_EXERCISE DESCRIPTION_: Could you set down the records below exactly as they are, with no pictures?

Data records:
BEGIN

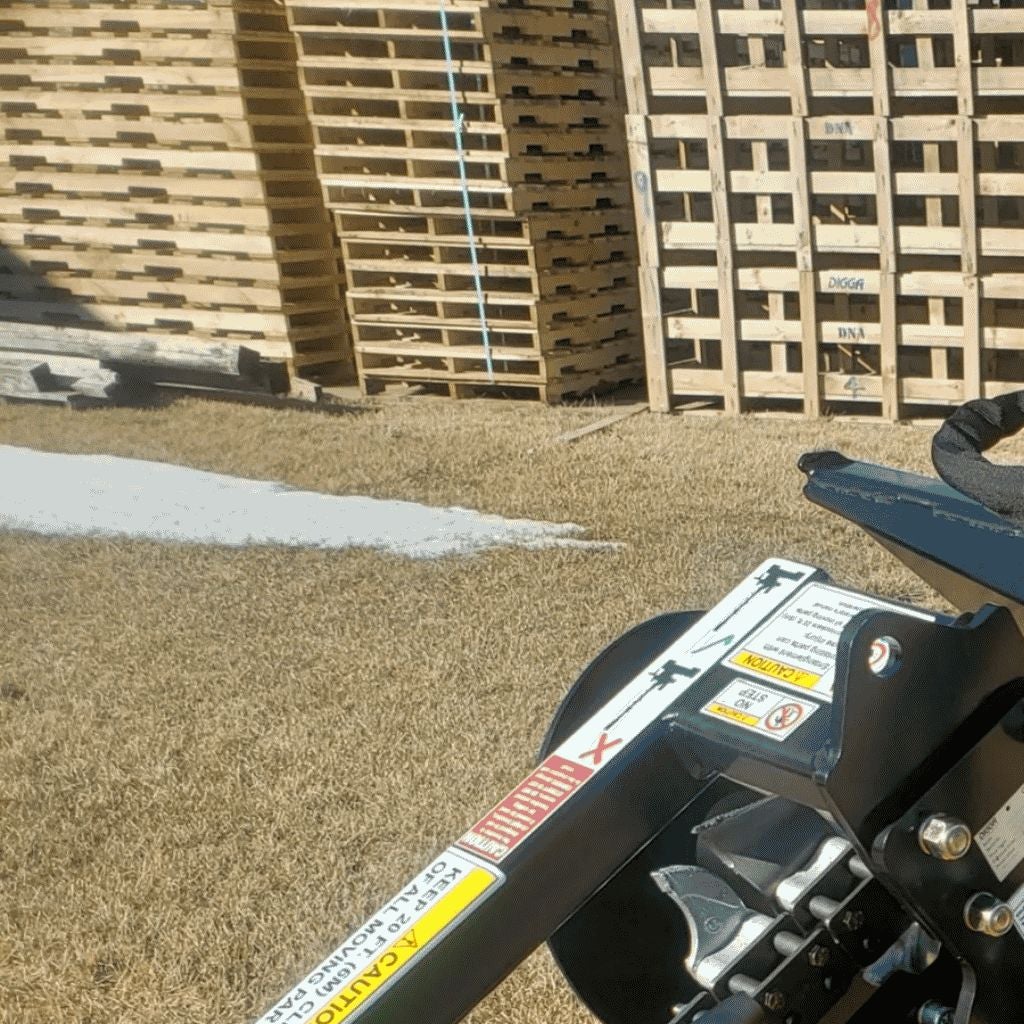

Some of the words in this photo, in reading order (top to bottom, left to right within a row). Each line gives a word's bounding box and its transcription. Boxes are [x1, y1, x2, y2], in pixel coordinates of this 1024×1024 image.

[828, 276, 865, 291] DIGGA
[837, 326, 866, 339] DNA
[743, 655, 796, 679] CAUTION
[734, 699, 754, 709] NO
[738, 688, 768, 703] STEP
[424, 861, 447, 885] OF
[383, 885, 418, 914] ALL
[415, 867, 462, 911] KEEP
[388, 913, 412, 933] 20
[308, 919, 384, 985] MOVING
[357, 936, 387, 959] FT.
[315, 962, 357, 997] (6M)
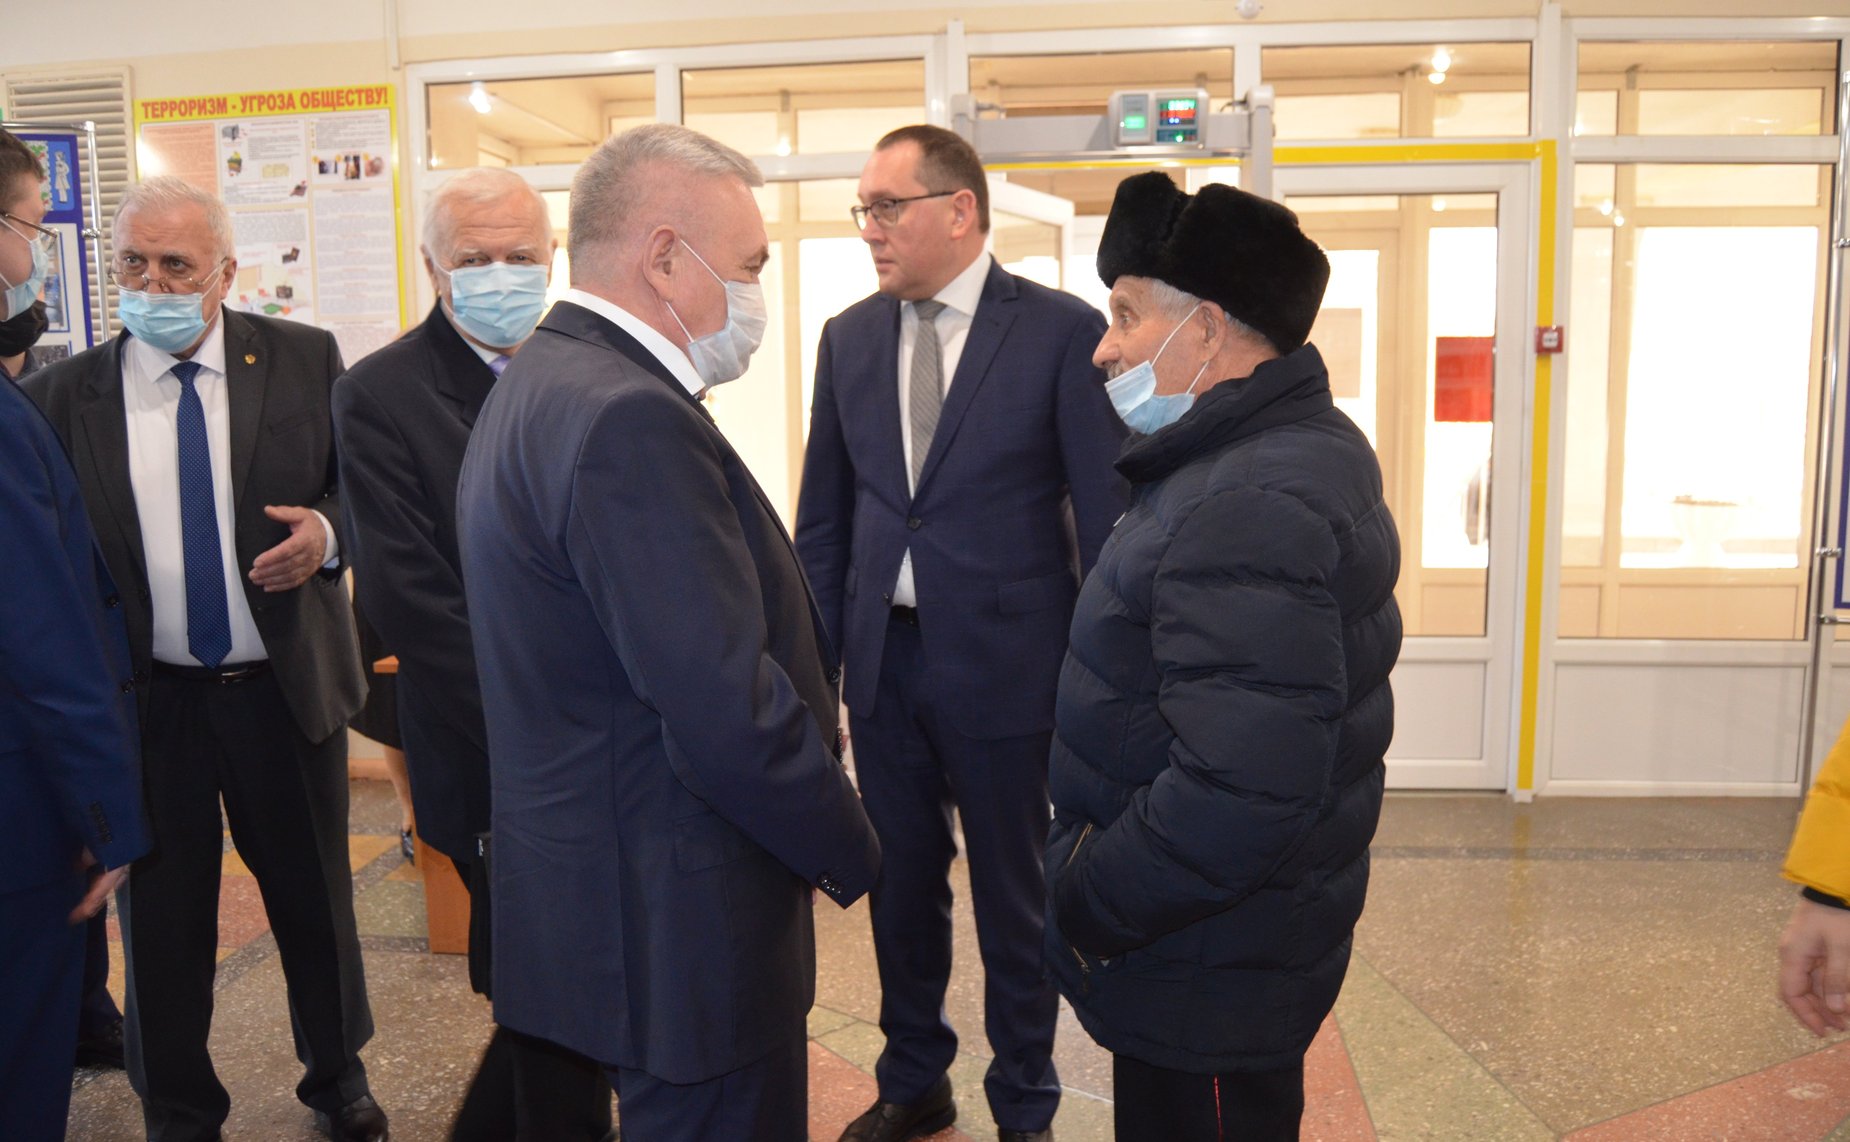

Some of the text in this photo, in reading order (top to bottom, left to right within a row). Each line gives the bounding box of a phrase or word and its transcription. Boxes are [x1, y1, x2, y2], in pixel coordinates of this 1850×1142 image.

[141, 97, 228, 119] ТЕРРОРИЗМ
[240, 92, 296, 114] УГРОЗА
[299, 87, 389, 112] ОБЩЕСТВУ!
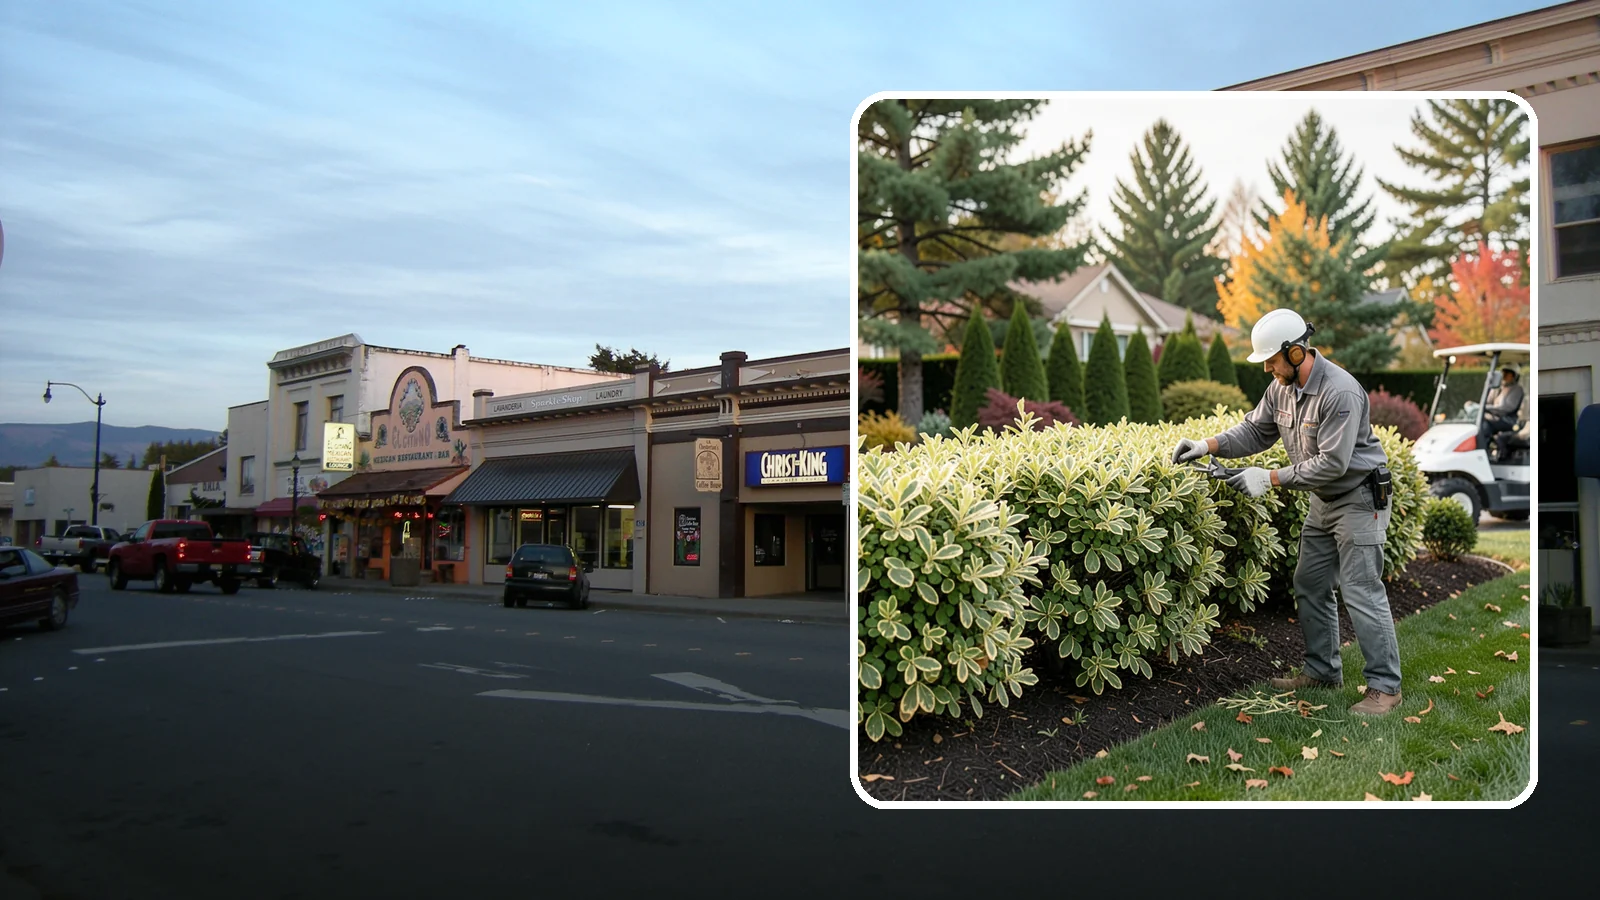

END

_RESULT OF THIS EXERCISE_:
Some of the words in this photo, in reading order (top to bottom, left to right within a row). Each line gives a word's bounding box and its transcription. Boxes are [x1, y1, x2, y2], in pixel coordinates of this 1024×1024 image.

[828, 276, 865, 291] DIGGA
[837, 326, 866, 339] DNA
[743, 655, 796, 679] CAUTION
[734, 699, 754, 709] NO
[738, 688, 768, 703] STEP
[424, 861, 447, 885] OF
[383, 885, 418, 914] ALL
[415, 867, 462, 911] KEEP
[388, 913, 412, 933] 20
[308, 919, 384, 985] MOVING
[357, 936, 387, 959] FT.
[315, 962, 357, 997] (6M)

Some of the text in this photo, in reading order (top to bottom, left to right within a row). Each line gives the bounding box of a phrase or word and its transcription. Boxes are [x1, y1, x2, y2], in pixel coordinates of this 1850×1142 image.

[141, 97, 228, 119] ТЕРРОРИЗМ
[240, 92, 296, 114] УГРОЗА
[299, 87, 389, 112] ОБЩЕСТВУ!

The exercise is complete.